I can’t unscramble the egg, Brandis replied, in a rare admission of stupendous failure.

The egg certainly is all over the faces of Brandis and Abbott. In a move of unfathomable stupidity, Abbott decided to focus personally on Professor Triggs, rather than the report on children in detention the HRC published last week. Seemingly bereft of all politically savvy, Abbott made this choice despite the fact that the report fully covered the previous government’s abysmal record on this matter, and despite the fact that more children have been released from detention by the Abbott government than were by the previous Labor incumbents.

The down side is that this government keeps fewer children in detention for much longer. However, in spite of this reality there was much political capital to be made had Abbott chosen to take that path. Instead, he embarked upon a vicious campaign to force Professor Triggs out of her job, to be replaced, rumour has it, by the Brandis/Abbott protegé  “Freedom Boy” Tim Wilson, who, as you may recall, was parachuted by Brandis into his position at the HRC without so much as an interview.

This latest in the Abbott government’s expressions of contempt for the HRC has caused the International Coordinating Committee of National Institutions for the Promotion and Protection of Human Rights to write to the government protesting its attacks on Professor Triggs.
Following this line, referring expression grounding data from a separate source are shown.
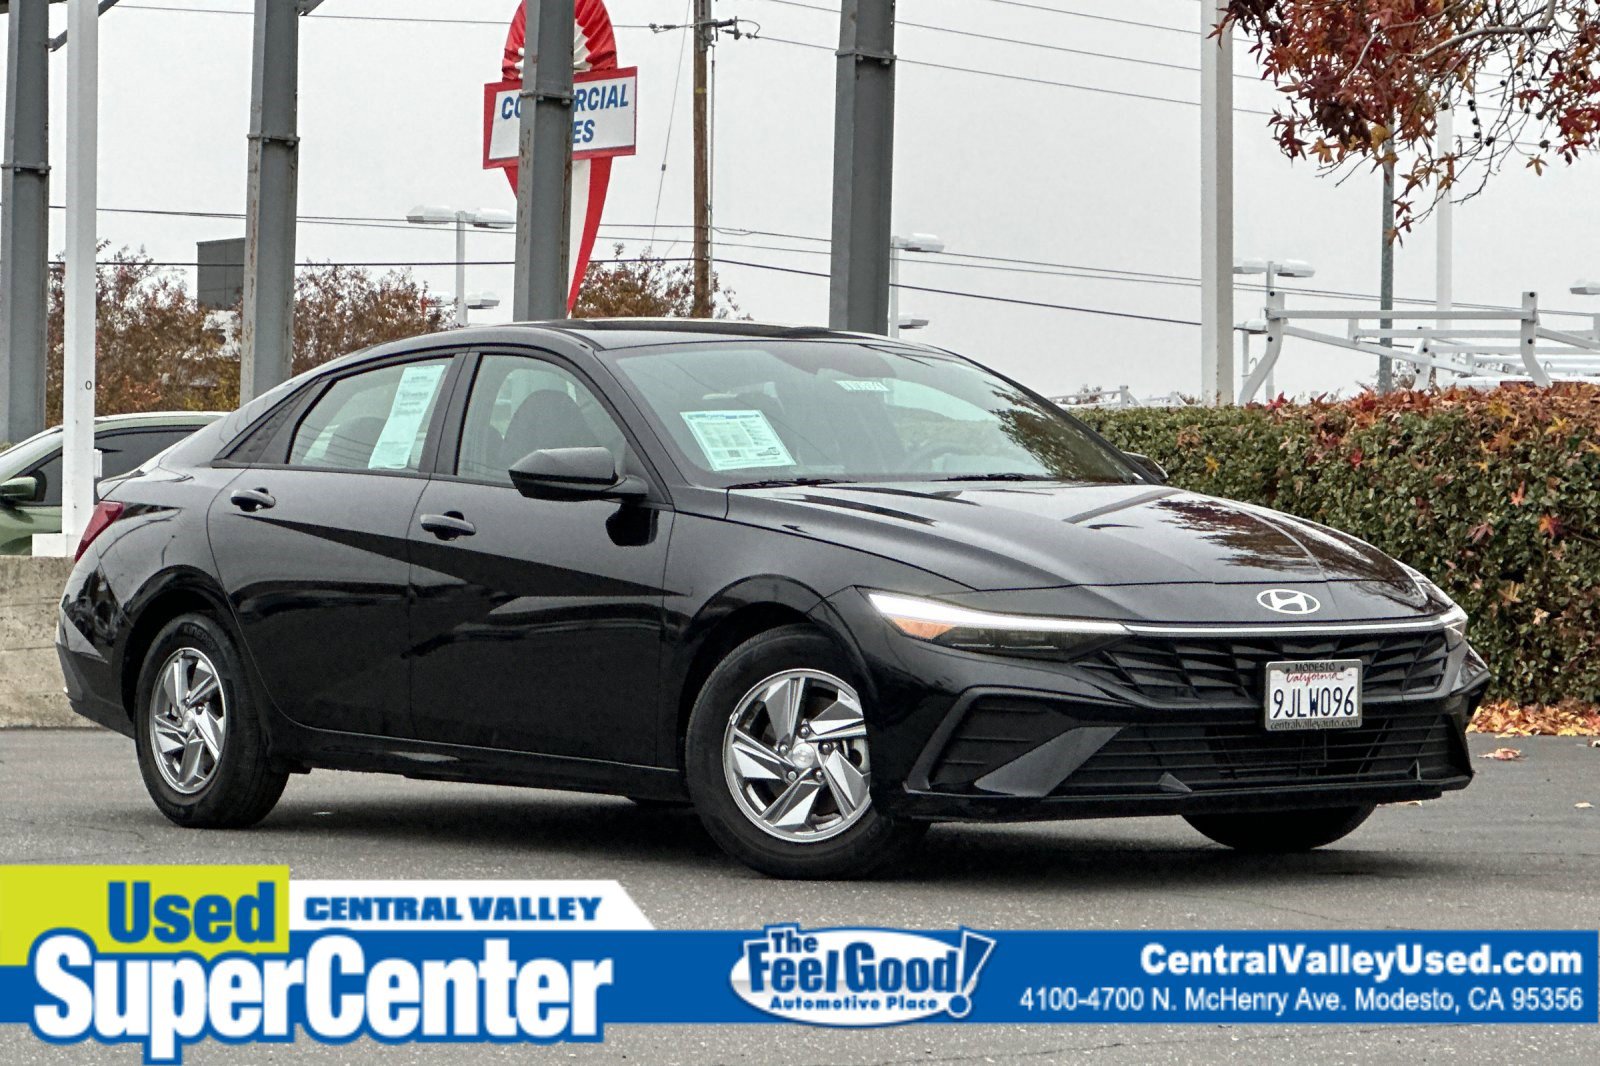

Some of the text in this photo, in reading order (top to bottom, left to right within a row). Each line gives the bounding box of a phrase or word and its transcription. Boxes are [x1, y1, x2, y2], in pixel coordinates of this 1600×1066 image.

[502, 84, 629, 119] CRCIAL
[1295, 662, 1336, 672] MODESTO
[1286, 672, 1344, 686] California
[1273, 686, 1355, 718] 9JLW096
[1270, 719, 1359, 730] centralvalleyauto.com
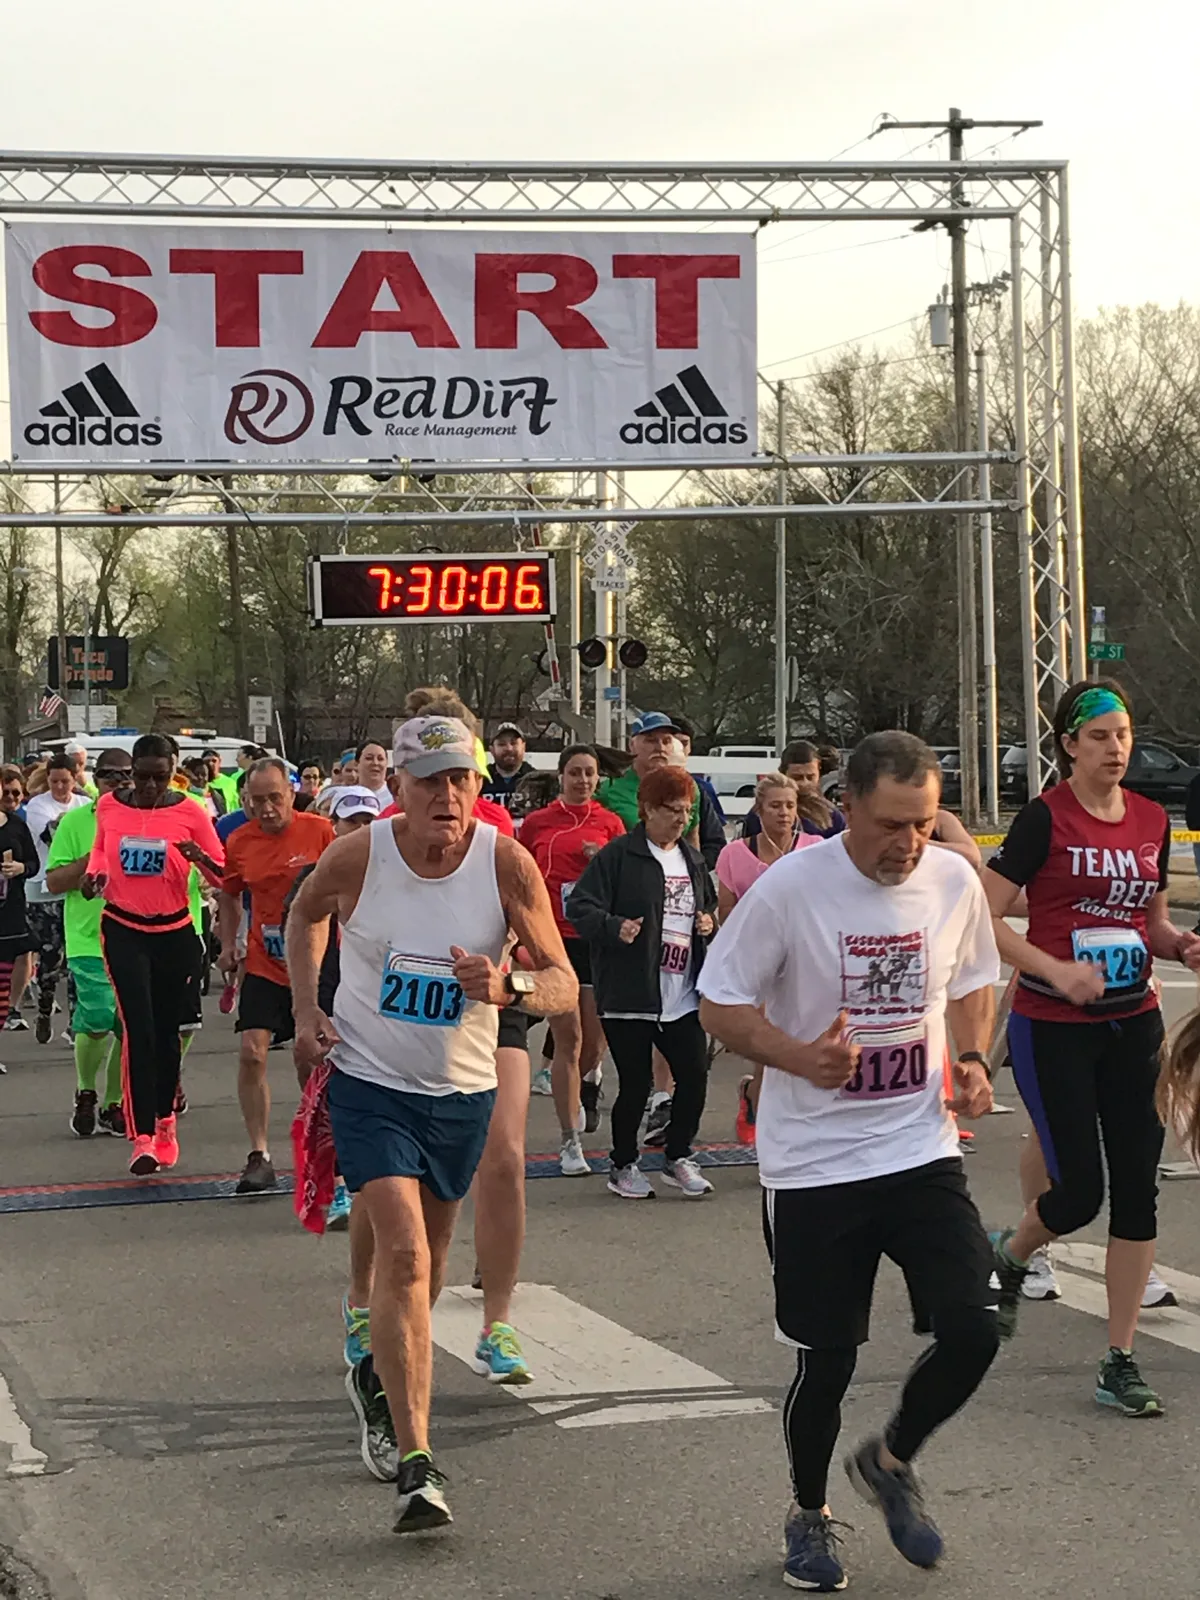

As Wayne Janssen explains,  the ICC  co-ordinates relationships with the UN human rights systems. Its accreditation system is based on compliance with the 1991 Paris Principles and grants access to UN committees. Australia currently enjoys “A” status which allows us speaking and seating rights at such committees.

Abbott’s attacks on Triggs imply state interference with the independence of the AHRC that may be a transgression of the Paris Principles. If this is the case, Australia stands to lose our A status, and the access to speaking and seating rights this status confers.

Add to this the suggestion that Brandis attempted illegal inducement by offering Triggs another job to get her out of the HRC, an allegation now referred to the AFP, and it’s difficult to see how this move has brought the government anything other than ongoing grief.

Abbott’s aggressive, combative, high conflict personality dominates his thinking and his decision-making. He has proved repeatedly that he is not capable of controlling his pugilistic instincts. He is entirely unable to overcome his primitive need to shirtfront somebody, anybody, even his own back benchers, by instead employing mature, considered thinking and mental clarity. This is a personality defect that has catastrophic potential for a country led by him. It has equally catastrophic implications for the party he leads, as many of its MPs surely know.

Like an abusive partner in an intimate relationship,  Abbott is in the process of isolating this country from the rest of the world, and from international bodies such as the United Nations that offer what little opportunity there is for cohesion and communication between nations. He is an isolationist, as the violent always are. He seeks to sow seeds of discord and disharmony within our own communities, in his efforts to assert the superiority and domination of white, middle-class alpha masculinity, to the exclusion of all other groups.

He’s a threat to this country. He may be the biggest threat this country faces. He needs to go.

35 Responses to “A PM who only knows aggression is a threat to the country”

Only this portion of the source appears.